Question

Using the definition of Θ notation, prove that (3n + 13)(7n + 2)(log(1024n² + 100)) ∈ Θ(n²logn).

Answer 1

By definition of big-Theta (Θ):

f(n) = Θ(g(n)) iff there are three positive constants c₁, c₂ and n₀ such that

c₁|g(n)| ≤ |f(n)| ≤ c₂|g(n)| for all n ≥ n₀ -------------------------- (i)

Here f(n) = (3n + 13)(7n + 2)(log(1024n² + 100))

Proof:

When n >= 32,

(3n + 13)(7n + 2)(log(1024n² + 100)) <= (3n + 13n)(7n + 2n)(log(1024n² + 1024n²))

(3n + 13)(7n + 2)(log(1024n² + 100)) <= (3n + 13n)(7n + 2n)(log(2(1024n²))

(3n + 13)(7n + 2)(log(1024n² + 100)) <= (16n)(9n)(log2 + log1024n²)

(3n + 13)(7n + 2)(log(1024n² + 100)) <= (144n²)(log2 + 2log32n)

(3n + 13)(7n + 2)(log(1024n² + 100)) <= (144n²)(log32n + 2log32n)

(3n + 13)(7n + 2)(log(11024n² + 100)) <= (144n²)(3log32n)

(3n + 13)(7n + 2)(log(1024n² + 100)) <= 432(n²)(log32n)

(3n + 13)(7n + 2)(log(1024n² + 100)) <= 432(n²)(log32 + logn)

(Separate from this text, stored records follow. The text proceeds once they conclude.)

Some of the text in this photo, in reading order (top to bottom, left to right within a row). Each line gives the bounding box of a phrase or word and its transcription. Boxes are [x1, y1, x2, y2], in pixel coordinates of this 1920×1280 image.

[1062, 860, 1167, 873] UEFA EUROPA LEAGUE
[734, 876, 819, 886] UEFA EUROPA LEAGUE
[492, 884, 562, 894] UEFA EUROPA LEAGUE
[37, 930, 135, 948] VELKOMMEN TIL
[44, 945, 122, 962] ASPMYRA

(3n + 13)(7n + 2)(log(11024n² + 100)) <= 432(n²)(logn + logn) ......... {as n >= 32}

(3n + 13)(7n + 2)(log(1024n² + 100)) <= 432(n²)(2logn)

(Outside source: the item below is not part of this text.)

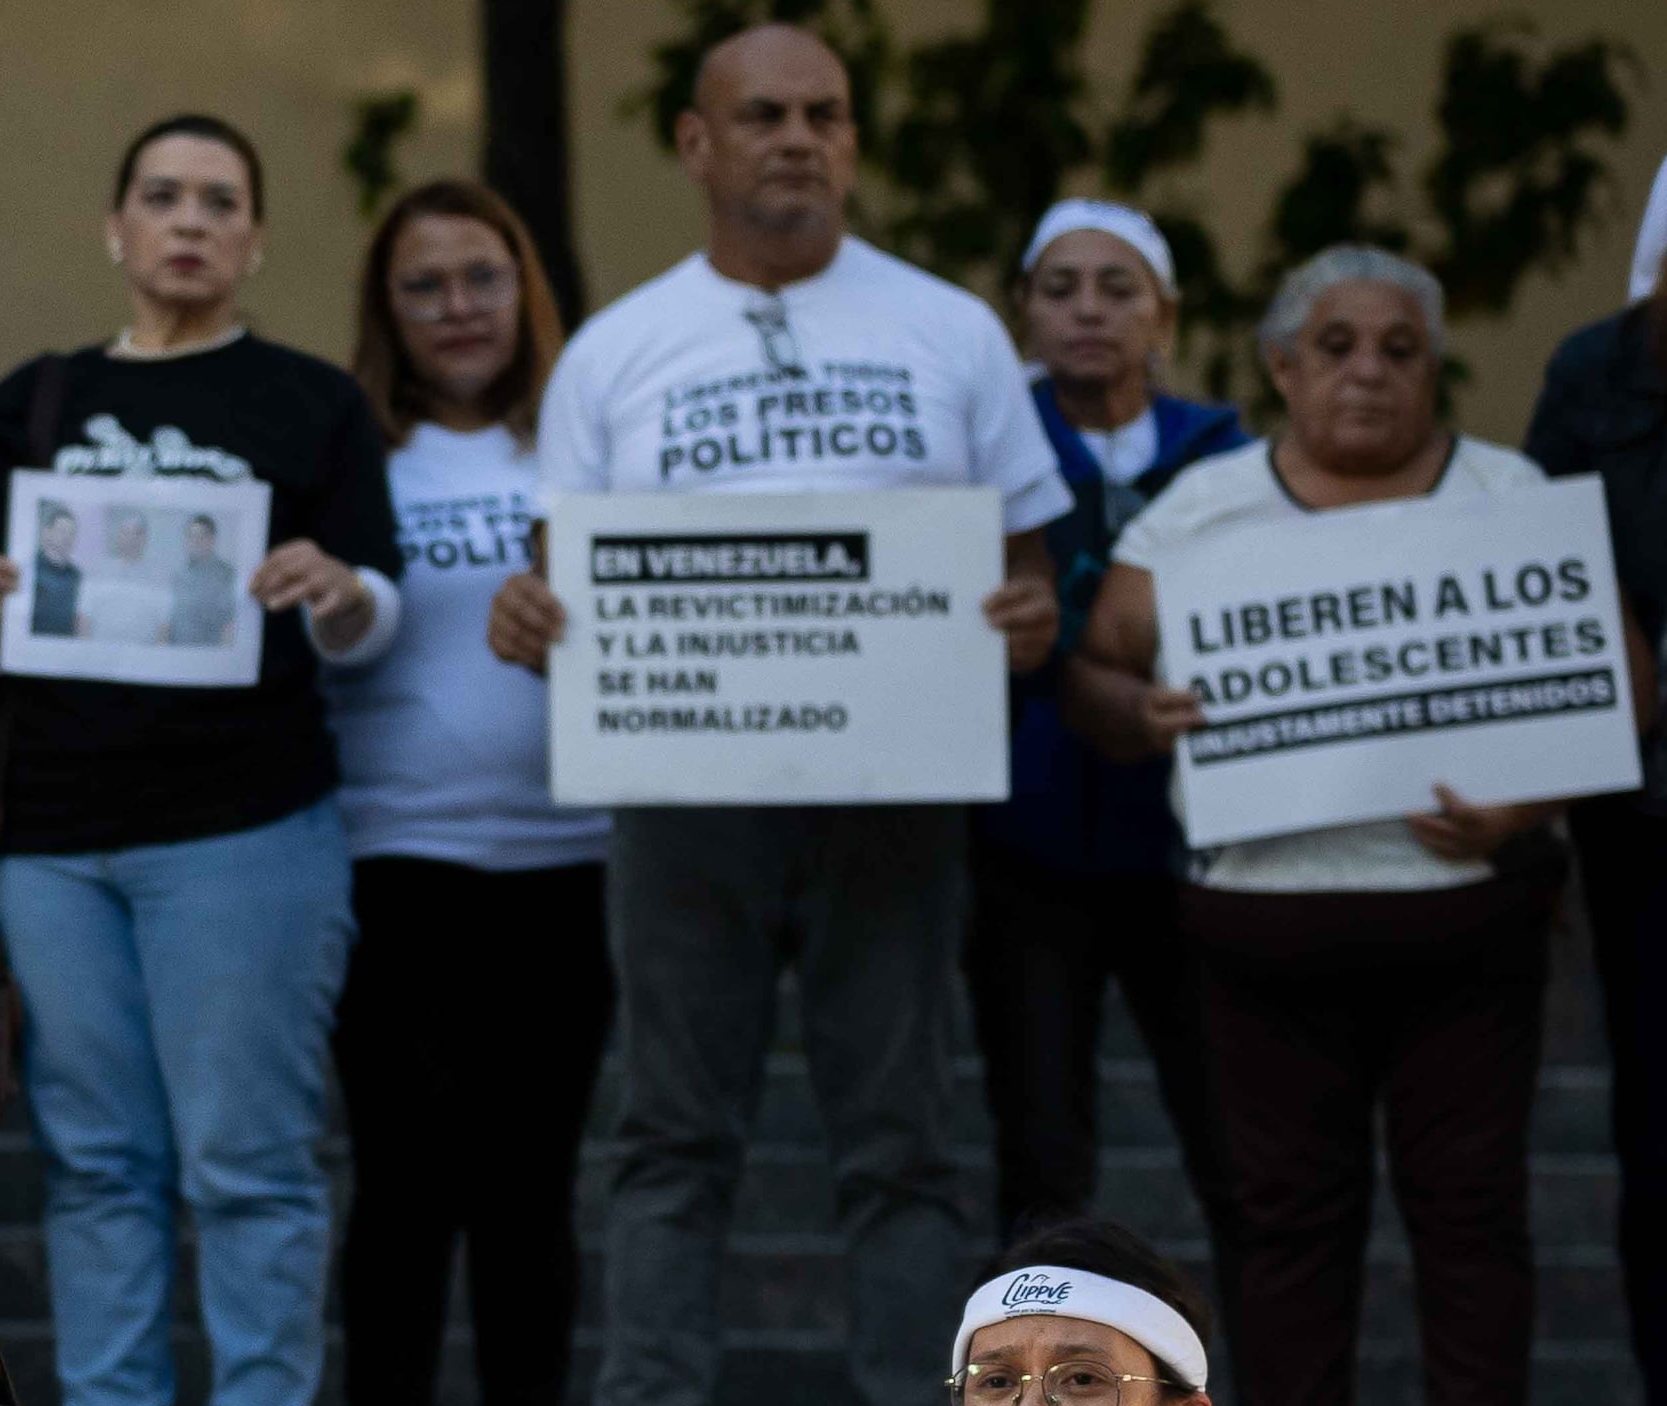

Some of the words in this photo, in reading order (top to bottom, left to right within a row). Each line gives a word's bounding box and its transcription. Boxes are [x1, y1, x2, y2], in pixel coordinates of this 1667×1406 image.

(3n + 13)(7n + 2)(log(1024n² + 100)) <= 864(n²logn)

When n >= 1

(3n)(7n)(logn²) <= (3n + 13)(7n + 2)(log(1024n² + 100))

21n²(logn²) <= (3n + 13)(7n + 2)(log1024n² + 100))

42n²(logn) <= (3n + 13)(7n + 2)(log(1024n² + 100))

Thus from here, we can conclude that,

42(n²logn) <= (3n + 13)(7n + 2)(log(1024n² + 100)) <= 864(n²logn) for all n >= 32

So here g(n) = n²logn and

c₁ = 42 , c₂ = 864 and n₀ = 32

So, from (i):

f(n) = Θ(g(n)

(3n + 13)(7n + 2)(log(1024n² + 100)) = Θ(n2) for all n >= 32